*Task description*
Give back all of the data exactly, with every picture omitted.

*Input records*

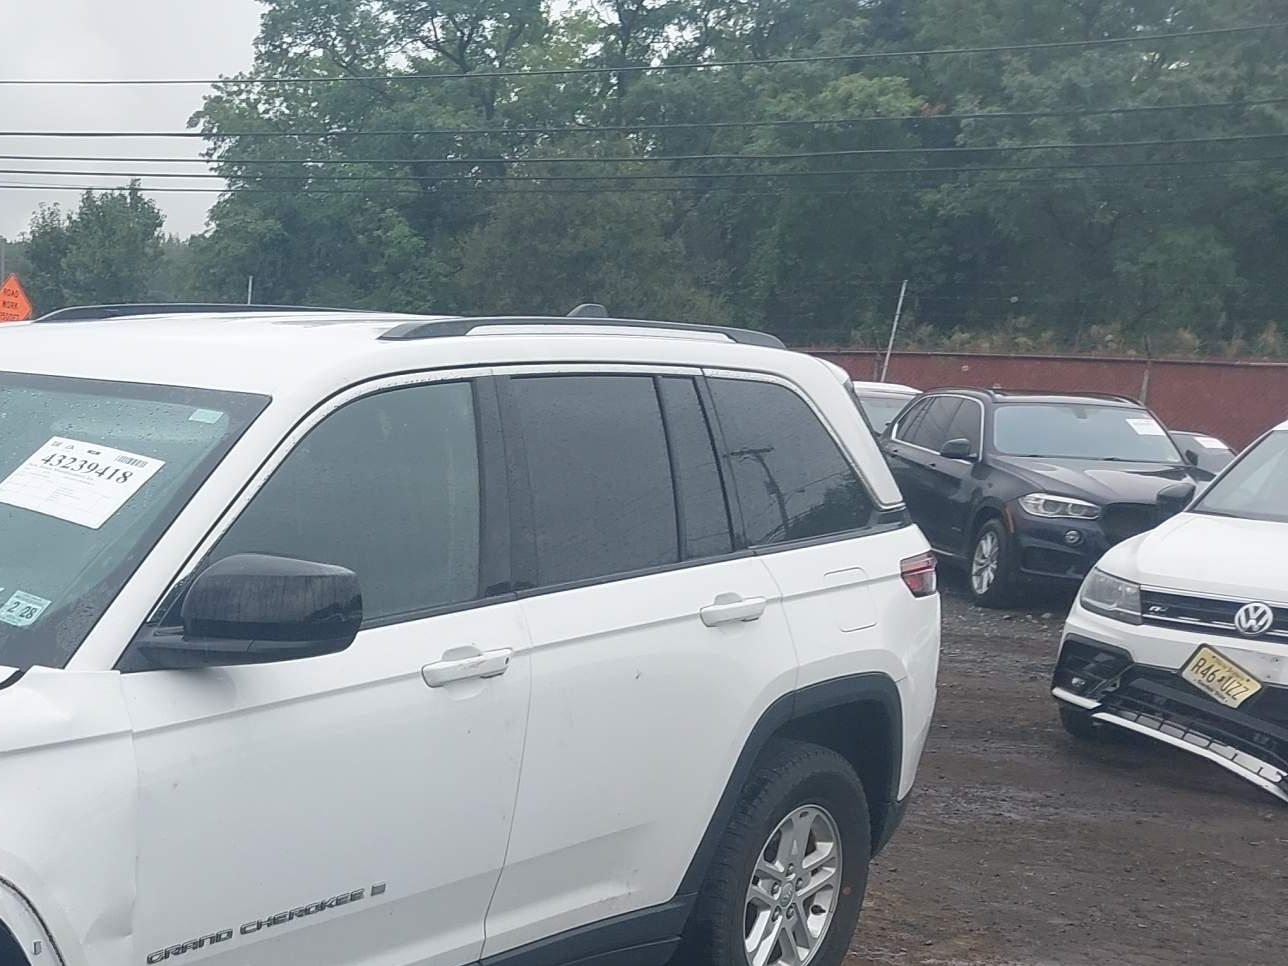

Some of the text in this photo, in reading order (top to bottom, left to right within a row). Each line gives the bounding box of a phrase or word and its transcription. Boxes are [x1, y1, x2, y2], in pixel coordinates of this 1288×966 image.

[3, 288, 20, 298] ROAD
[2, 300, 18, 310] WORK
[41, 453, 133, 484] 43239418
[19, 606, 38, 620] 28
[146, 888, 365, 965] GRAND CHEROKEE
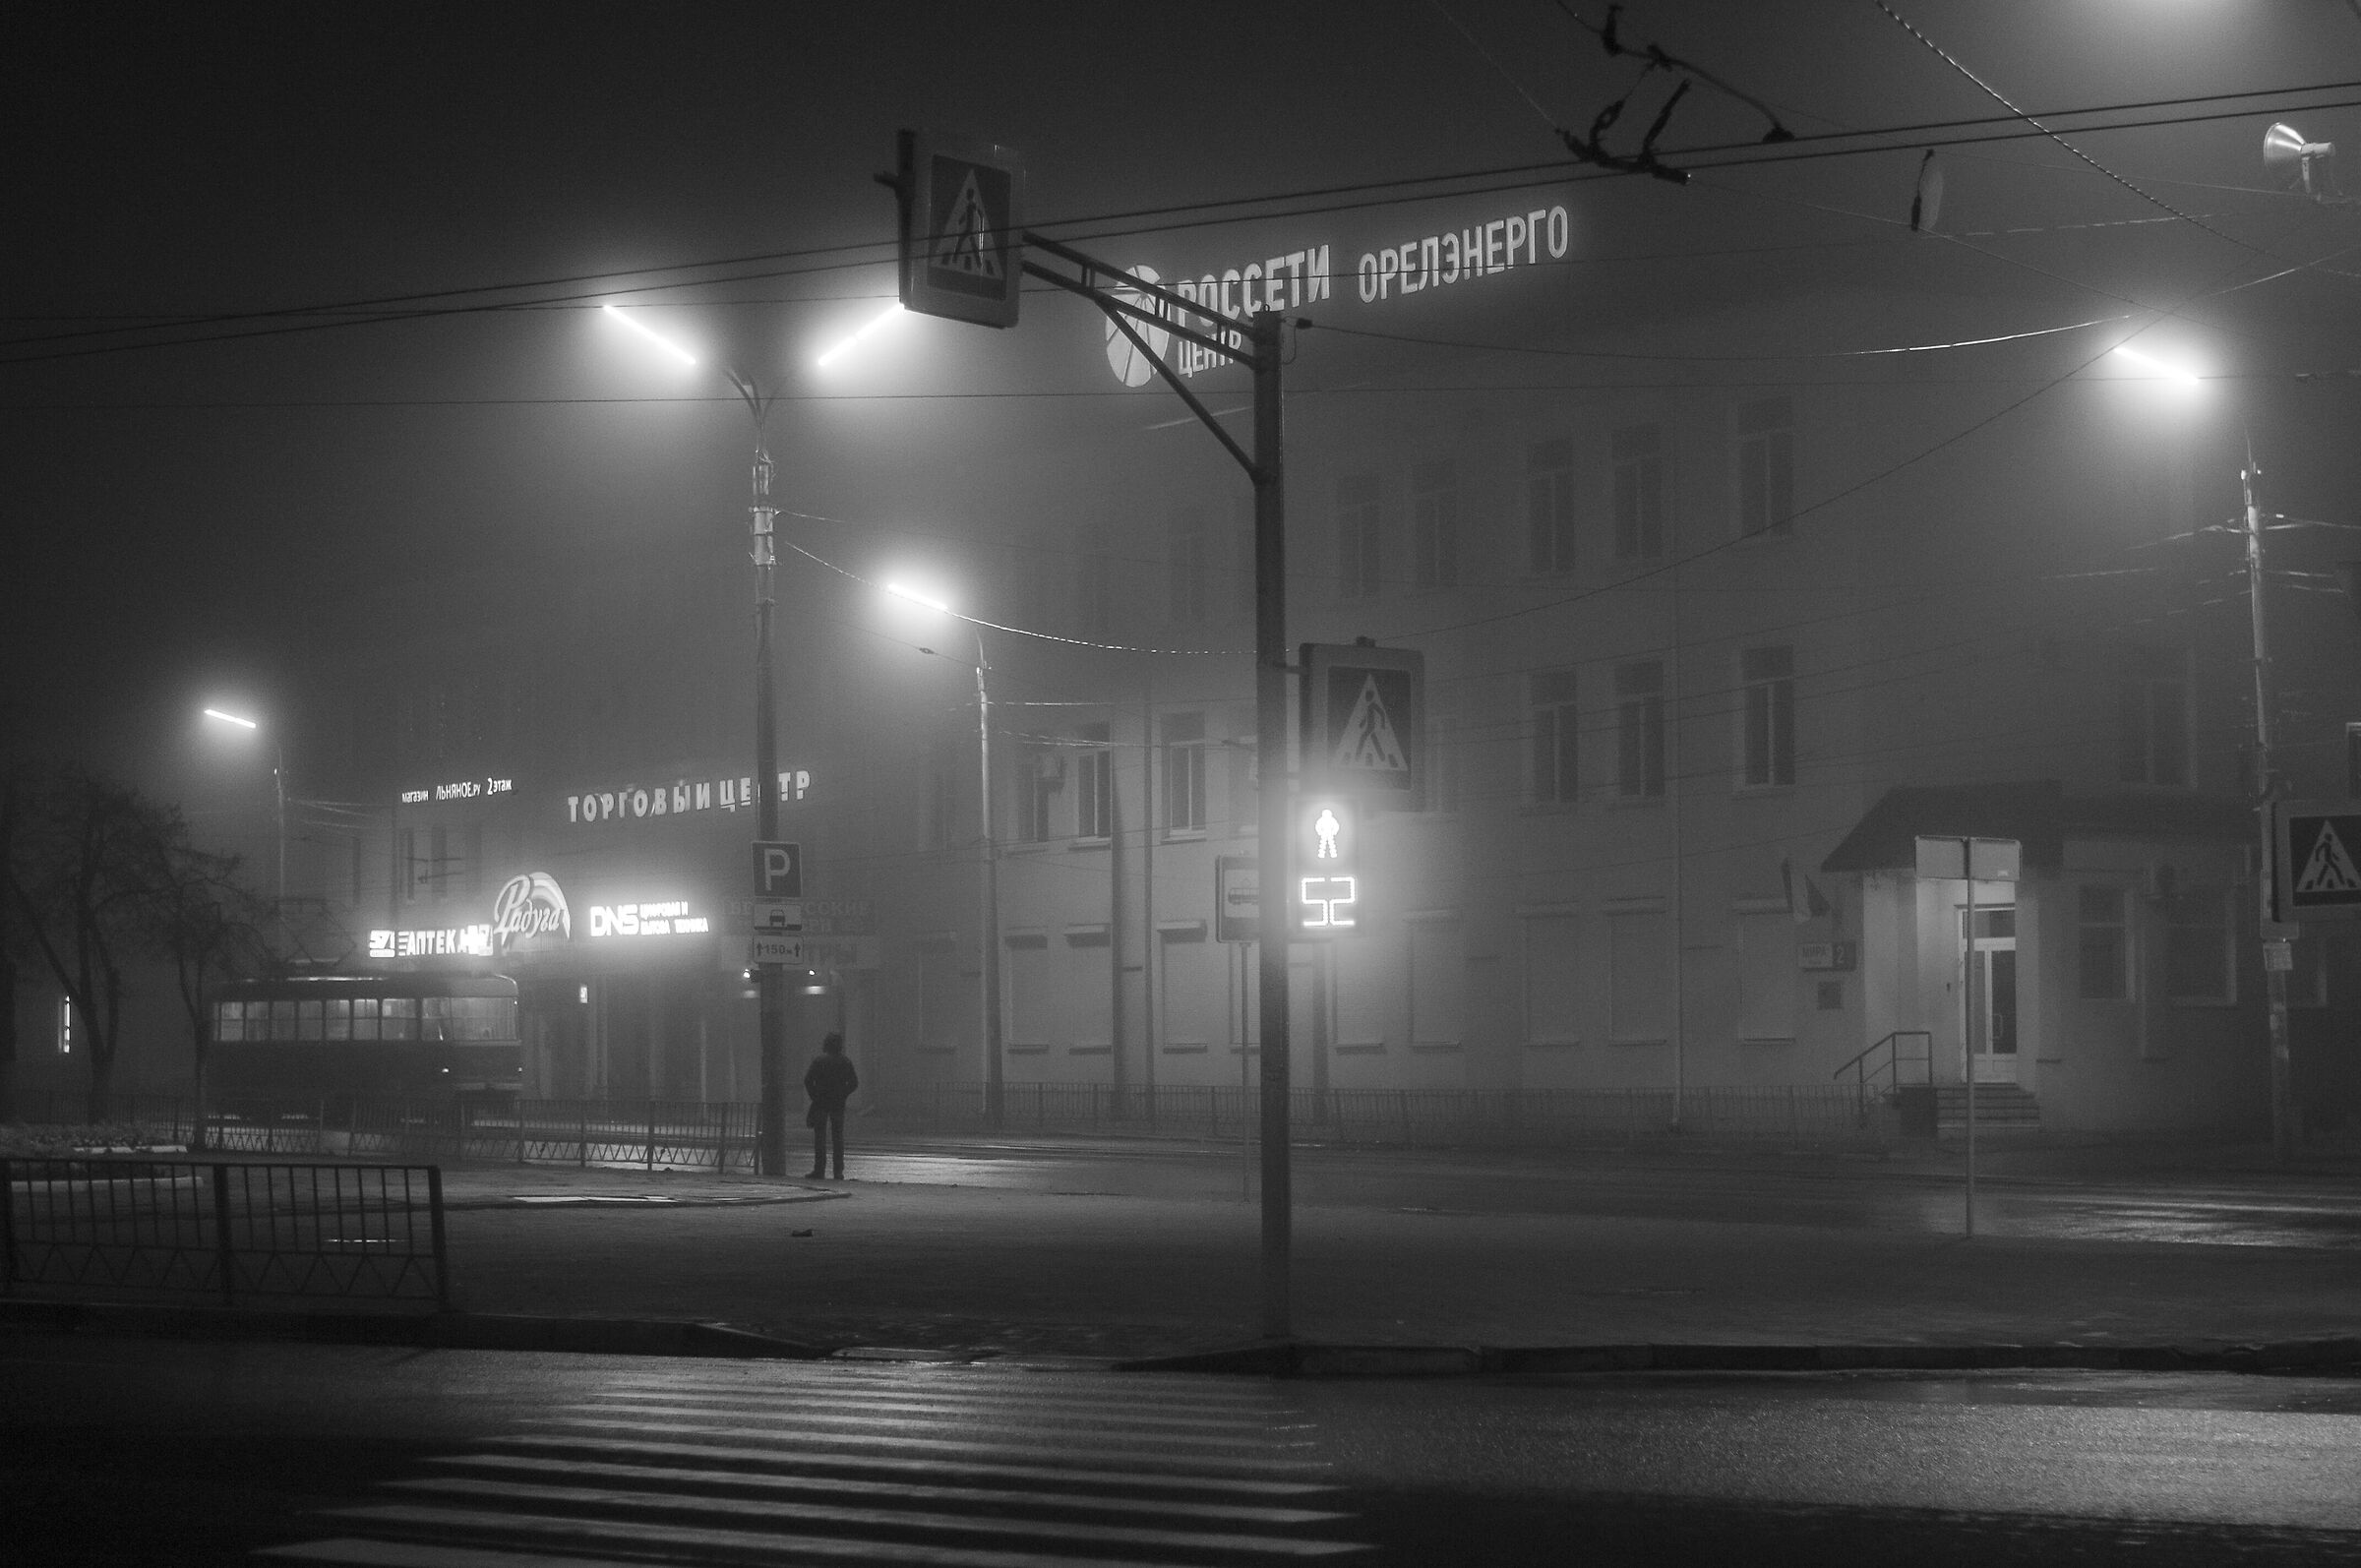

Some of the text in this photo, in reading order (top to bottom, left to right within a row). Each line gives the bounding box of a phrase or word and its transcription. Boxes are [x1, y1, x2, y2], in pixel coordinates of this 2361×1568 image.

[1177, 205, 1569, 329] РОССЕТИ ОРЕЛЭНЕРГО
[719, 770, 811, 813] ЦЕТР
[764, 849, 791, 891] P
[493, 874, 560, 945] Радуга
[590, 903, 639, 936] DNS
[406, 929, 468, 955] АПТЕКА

*Answer for this exercise*
Some of the text in this photo, in reading order (top to bottom, left to right within a row). Each line gives the bounding box of a phrase or word and its transcription. Boxes are [x1, y1, x2, y2], in pixel coordinates of this 1288×966 image.

[3, 288, 20, 298] ROAD
[2, 300, 18, 310] WORK
[41, 453, 133, 484] 43239418
[19, 606, 38, 620] 28
[146, 888, 365, 965] GRAND CHEROKEE

Some of the text in this photo, in reading order (top to bottom, left to right within a row). Each line gives the bounding box of a phrase or word and its transcription. Boxes are [x1, y1, x2, y2], in pixel coordinates of this 2361×1568 image.

[1177, 205, 1569, 329] РОССЕТИ ОРЕЛЭНЕРГО
[719, 770, 811, 813] ЦЕТР
[764, 849, 791, 891] P
[493, 874, 560, 945] Радуга
[590, 903, 639, 936] DNS
[406, 929, 468, 955] АПТЕКА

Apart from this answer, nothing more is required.